Albino Alex Braganza1 School of Computer Science Dr. Vishwanath Karad MIT World Peace University, Kothrud, Pune, Maharashtra, India

Amit Gour2

School of Computer Science Dr. Vishwanath Karad MIT World Peace University, Kothrud, Pune, Maharashtra, India

Ravi Kumar3

School of Computer Science Dr. Vishwanath Karad MIT World Peace University, Kothrud, Pune, Maharashtra, India

Ms. Smita.Patil4

Assistant Professor School of Computer Science Dr. Vishwanath Karad MIT

World Peace University, Kothrud, Pune, Maharashtra, India

Abstract- Image processing has helped us simplify intensive task such as object recognition, face detection and tracking, number plate challan system, detecting whether motorist have worn helmets and the list can go. Evaluating candidates on how they performed during a test, exam or interview rounds is a tedious process which takes a lot of time to evaluate each candidates answer sheets separately. One way would be to use optical mark recognition (OMR). But using this system the candidates would be constrained on giving out his/her thoughts as the system only provides MCQ type answers. Giving the openness to candidates to answer broadly about the topic would help us understand how much the student has understood the topic covered during his/her learning process. But evaluation time is the biggest factor that we need to tackle.The objective of researcher is to develop a system which takes a scanned photo of an answer sheet and evaluate it on the basis of detecting and removing scribbled words, Converting the entire handwritten image into character format, Detecting a single paragraph, Forming separate sentences, Evaluating the formed sentence if they are grammatically correct using Natural Language Processing, and finding out how close the sentence matches the content of the topics on which the question is asked. This type of system will save the evaluation time and manpower in traditional examination system. It could also be used to make a digital archive of the answer sheets.

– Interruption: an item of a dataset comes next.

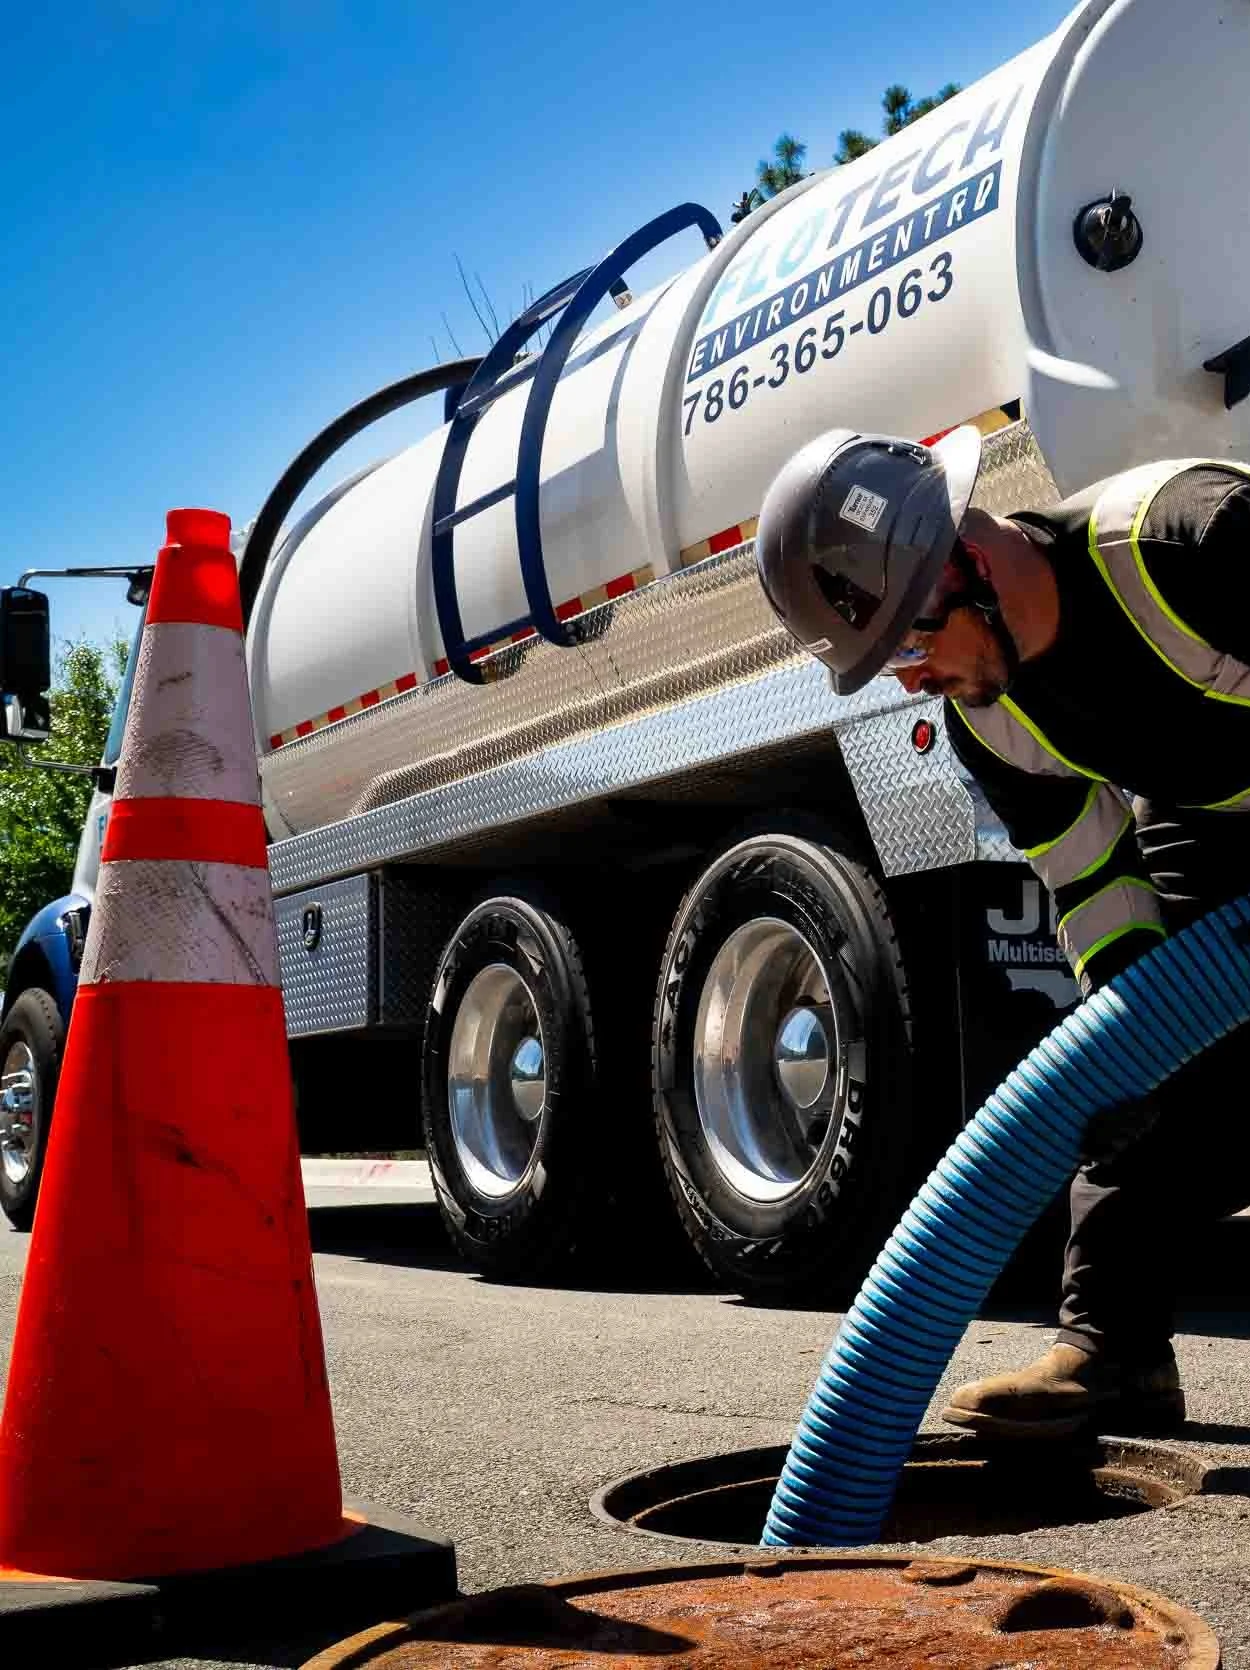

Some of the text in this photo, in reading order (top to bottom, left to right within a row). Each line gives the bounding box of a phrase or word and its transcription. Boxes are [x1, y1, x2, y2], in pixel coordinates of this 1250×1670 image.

[702, 84, 1024, 325] FLOTECH
[683, 251, 953, 436] 786-365-063
[987, 940, 1067, 963] Multise

This research paper mainly focuses on creating a dataset of character image and using Gabor Filter to extract features to create a training dataset for the K nearest neighbour algorithm. The author aimed to identify good amount of accuracy of to detect characters and on successful result of character accuracy author aims to detect all the words from the image.

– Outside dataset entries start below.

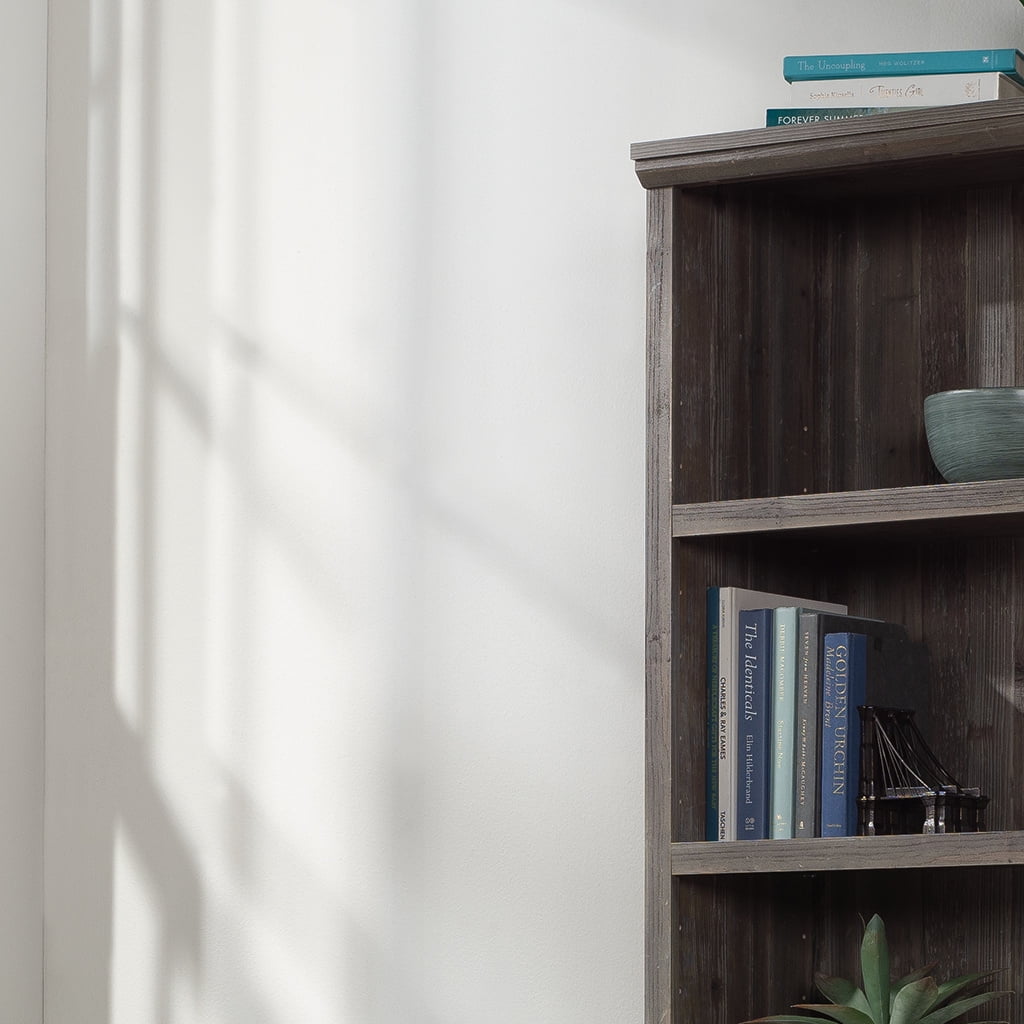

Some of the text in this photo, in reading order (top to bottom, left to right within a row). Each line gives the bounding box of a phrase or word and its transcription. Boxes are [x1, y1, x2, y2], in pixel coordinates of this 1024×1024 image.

[797, 59, 866, 71] The Uncoupling
[778, 115, 820, 125] FOREVER
[744, 623, 758, 721] The Identicals
[825, 701, 834, 728] Brent
[832, 645, 848, 796] GOLDEN URCHIN
[745, 734, 754, 804] Elin Hilderbrand

Keywords- Image Processing, OMR, Scribbled Characters, Natural Language Processing, Evaluation System

  1. INTRODUCTION

    Character recognition has improved drastically over the past years. Off line hand written text recognition use different techniques to get a good amount of accuracy .When we compare offline hand written of people, each one has different style of writing which widens the probability of recognising certain characters. Factors like character size, tilt spacing between words have a huge impact on the recognition process. Many algorithms have been developed that use different filters to extract features of a particular character. Features could be angle, intensity and thickness of stokes.

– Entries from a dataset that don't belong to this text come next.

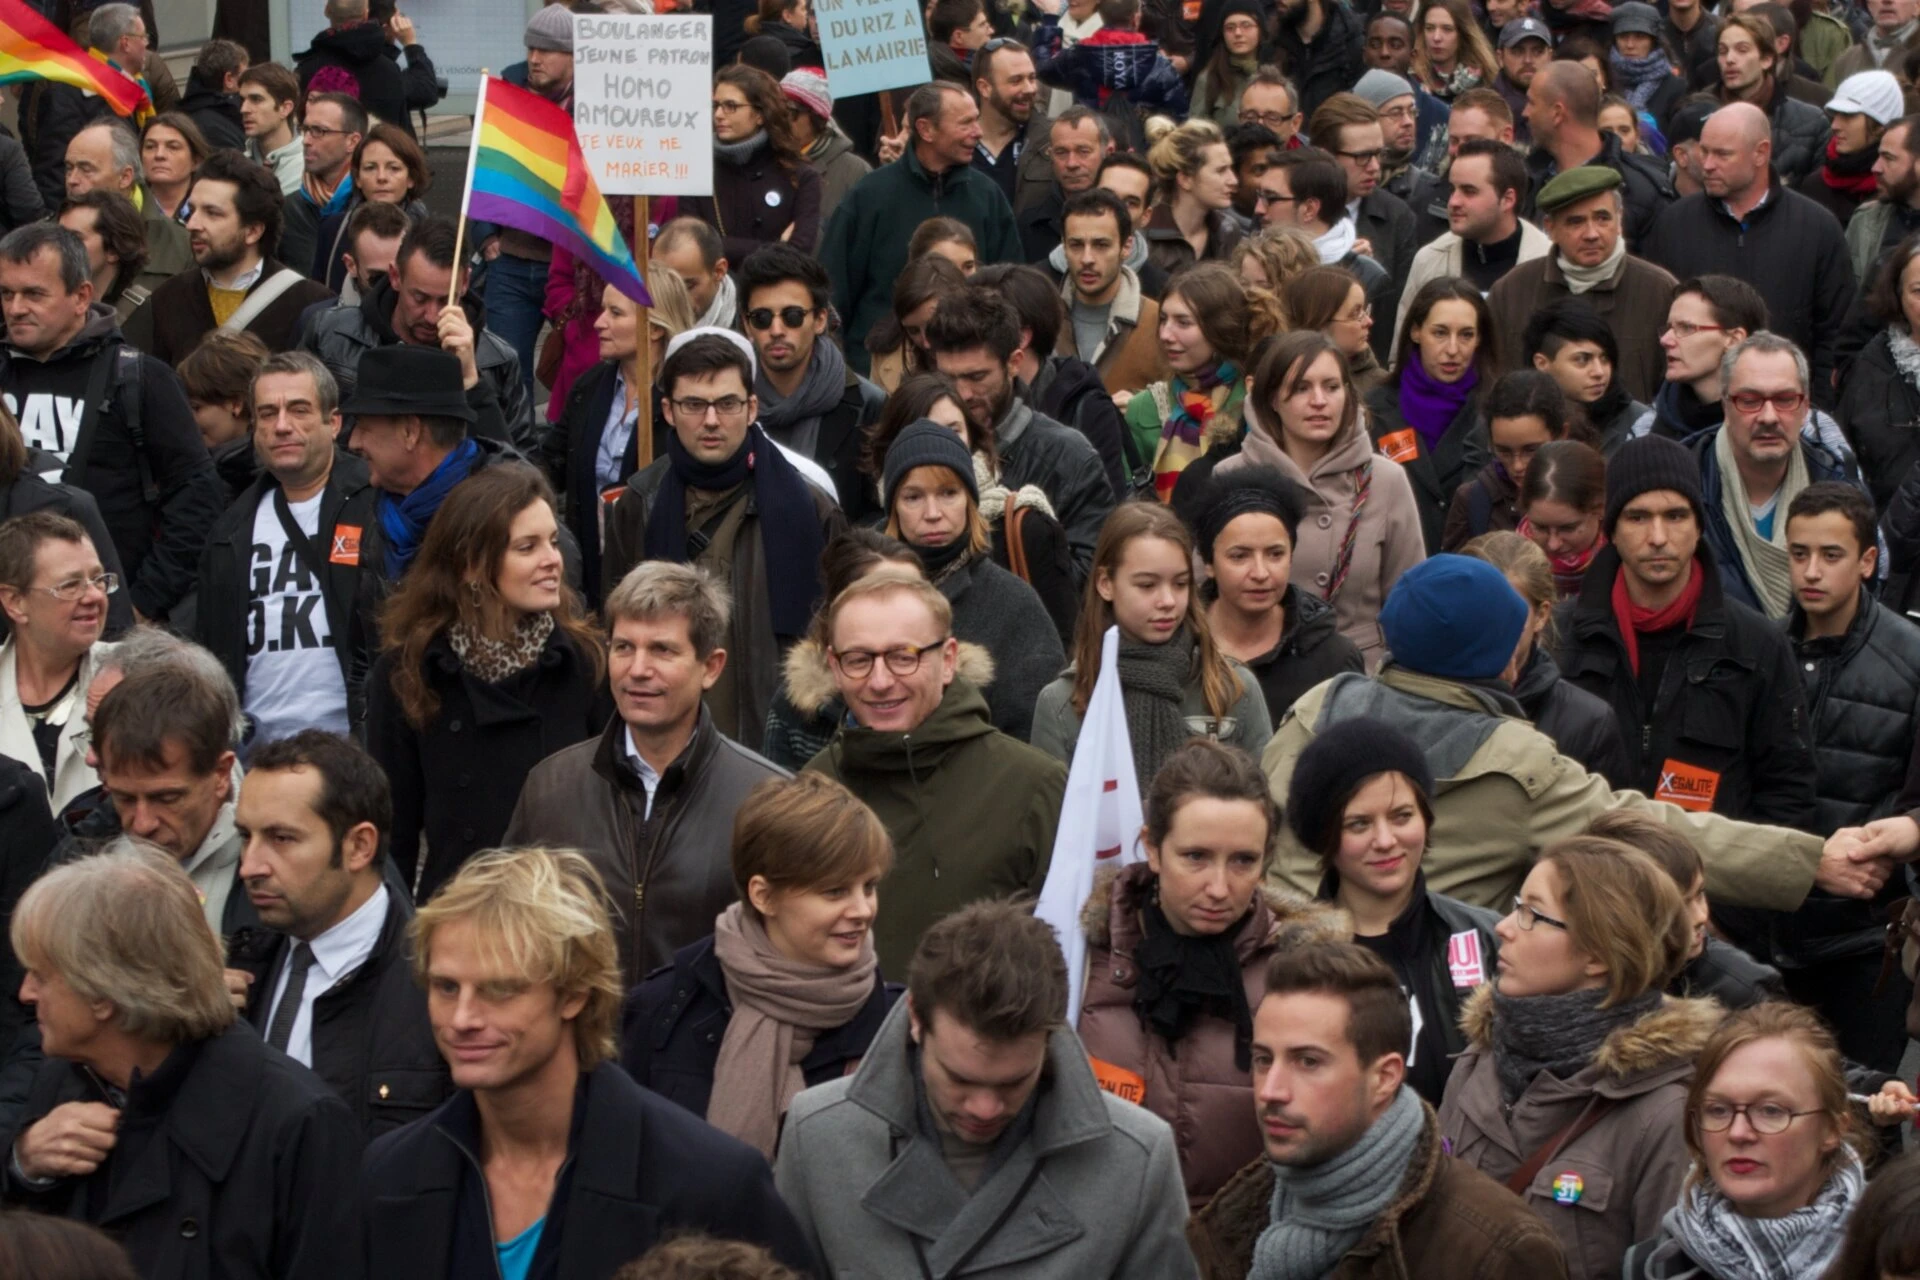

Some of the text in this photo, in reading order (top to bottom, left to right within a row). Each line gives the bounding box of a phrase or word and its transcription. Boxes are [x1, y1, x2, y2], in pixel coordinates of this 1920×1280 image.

[577, 18, 707, 41] BOULANGER
[830, 18, 858, 39] DU
[861, 12, 897, 35] RIZ
[575, 45, 710, 66] JEUNE PATRON
[826, 37, 927, 70] LA MAIRIE
[603, 73, 673, 100] HOMO
[576, 102, 699, 130] AMOUREUX
[606, 134, 643, 150] VEUX
[659, 137, 682, 152] ME
[1558, 1181, 1575, 1198] 31

    In this research we are using the Gabor filter to extract features of each character and use this features to train the Kth Nearest Neighbour clustering algorithm.

  2. PROPOSED SYSTEM

The system will take in scanned images which consist of hand written text. It will then convert the entire hand written image into computer readable format. If in case there exist any scribbled words, they will be remove by the system. The next step is to use Natural Language Processing to evaluate the content and rate the it on the similarity index by comparing it to contents gathered from other sources.

A. Architecture of the proposed system-(Flow Diagram)

Working and Algorithms

The prerequisite is to scan all the images before it can be given to the system. The system will take a scanned copies of the hand written page and convert it into binary images that is black and white where 0s indicate black and 1s will represent white. The purpose of this step is to collect intensity features of each character in the image. These features will be compared to the trained dataset. If not then the found character is either scribbled or not a valid character.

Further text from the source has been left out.